With no end to the conflict in sight, politicians and the public must not waver in our resolve to support the wartorn country.

Tue 3 Oct 2023

The blue and yellow flag still flies high over Britain’s town squares and public buildings, signalling our unwavering and enduring solidarity with Ukraine’s war effort.

Well, in theory, anyway. For you can feel the fatigue descending now, like heavy autumn mist pooling in the bottom of a valley; a sort of strange public torpor, quietly smothering the high emotion of the early days of the war. Having leapt too quickly at the assumption that Kyiv couldn’t possibly hold out against the mighty Russian army, British public opinion then swung wildly towards what has turned out to be an equally unrealistic idea, namely that plucky Ukraine could somehow achieve a David v Goliath victory over the rusting superpower within the year. We could put up with one winter of rocketing gas bills, surely, if that was the price to be paid for peace in Europe. Only now it’s the second winter of not daring to turn on the central heating, and the stories emerging from the frontline are no longer of Ukrainian farmers cheerfully towing away stranded tanks with their tractors, but of a grinding war of attrition that could last up to a decade.
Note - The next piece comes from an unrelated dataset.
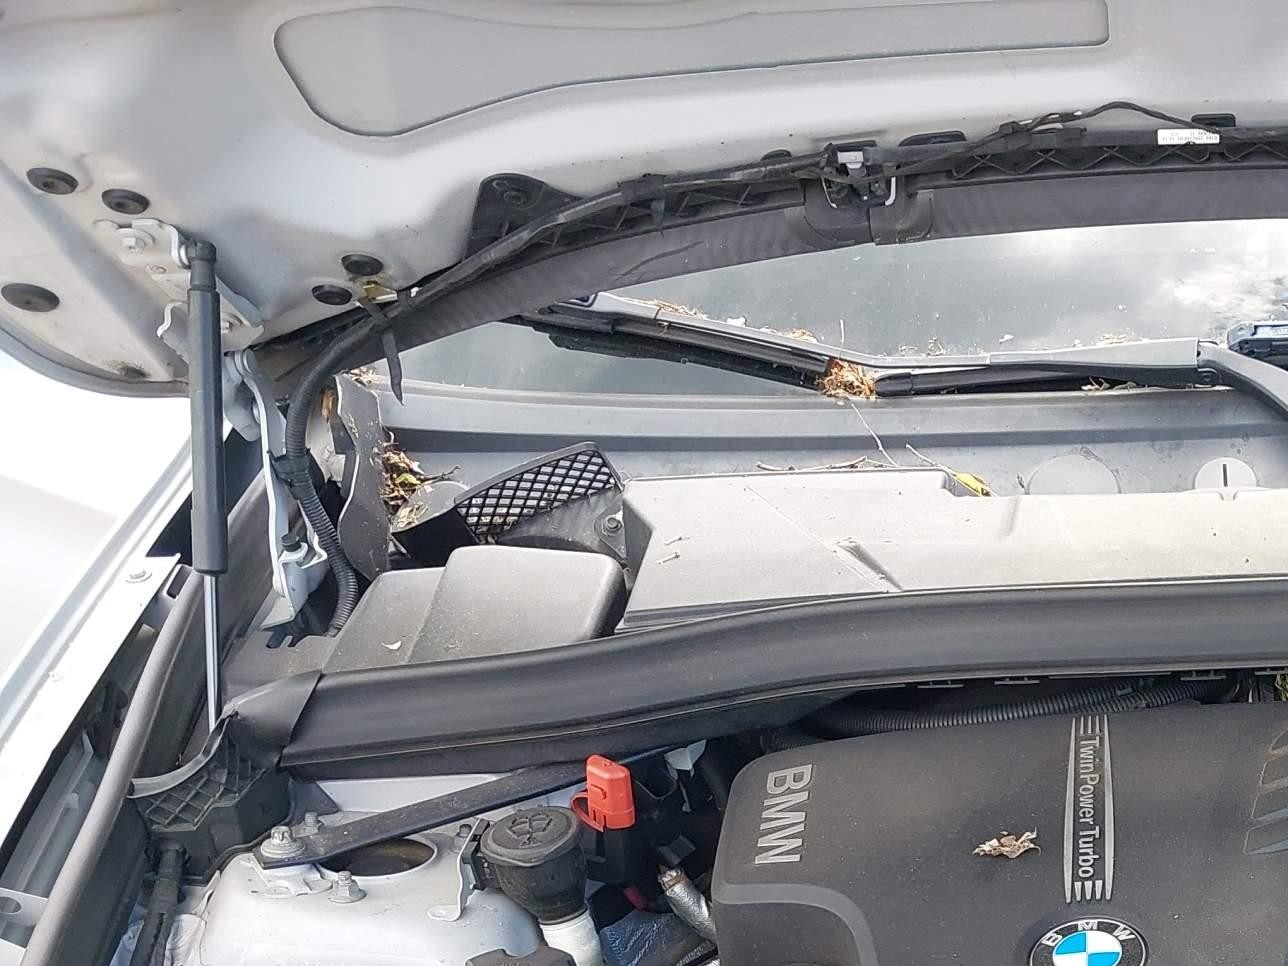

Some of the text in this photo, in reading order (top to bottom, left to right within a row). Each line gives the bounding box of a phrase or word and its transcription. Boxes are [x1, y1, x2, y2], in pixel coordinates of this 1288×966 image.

This is the most dangerous of moments for Ukraine, whose soldiers are locked into a critical military offensive and whose civilians face another brutal winter of Russia trying to freeze them into submission by attacking their power infrastructure. But it’s western, not Ukrainian, resolve that shows the most worrying signs of faltering, with Republicans in Congress balking at signing off Joe Biden’s military aid package, and victory in last week’s Slovakian elections for a pro-Russian populist promising to end support for Ukraine. Here in Britain, meanwhile, a prime minister keen to give President Zelenskiy anything he wanted has been succeeded by an unsentimental economic hawk better known for watching every penny, under enormous political pressure to deliver tax cuts.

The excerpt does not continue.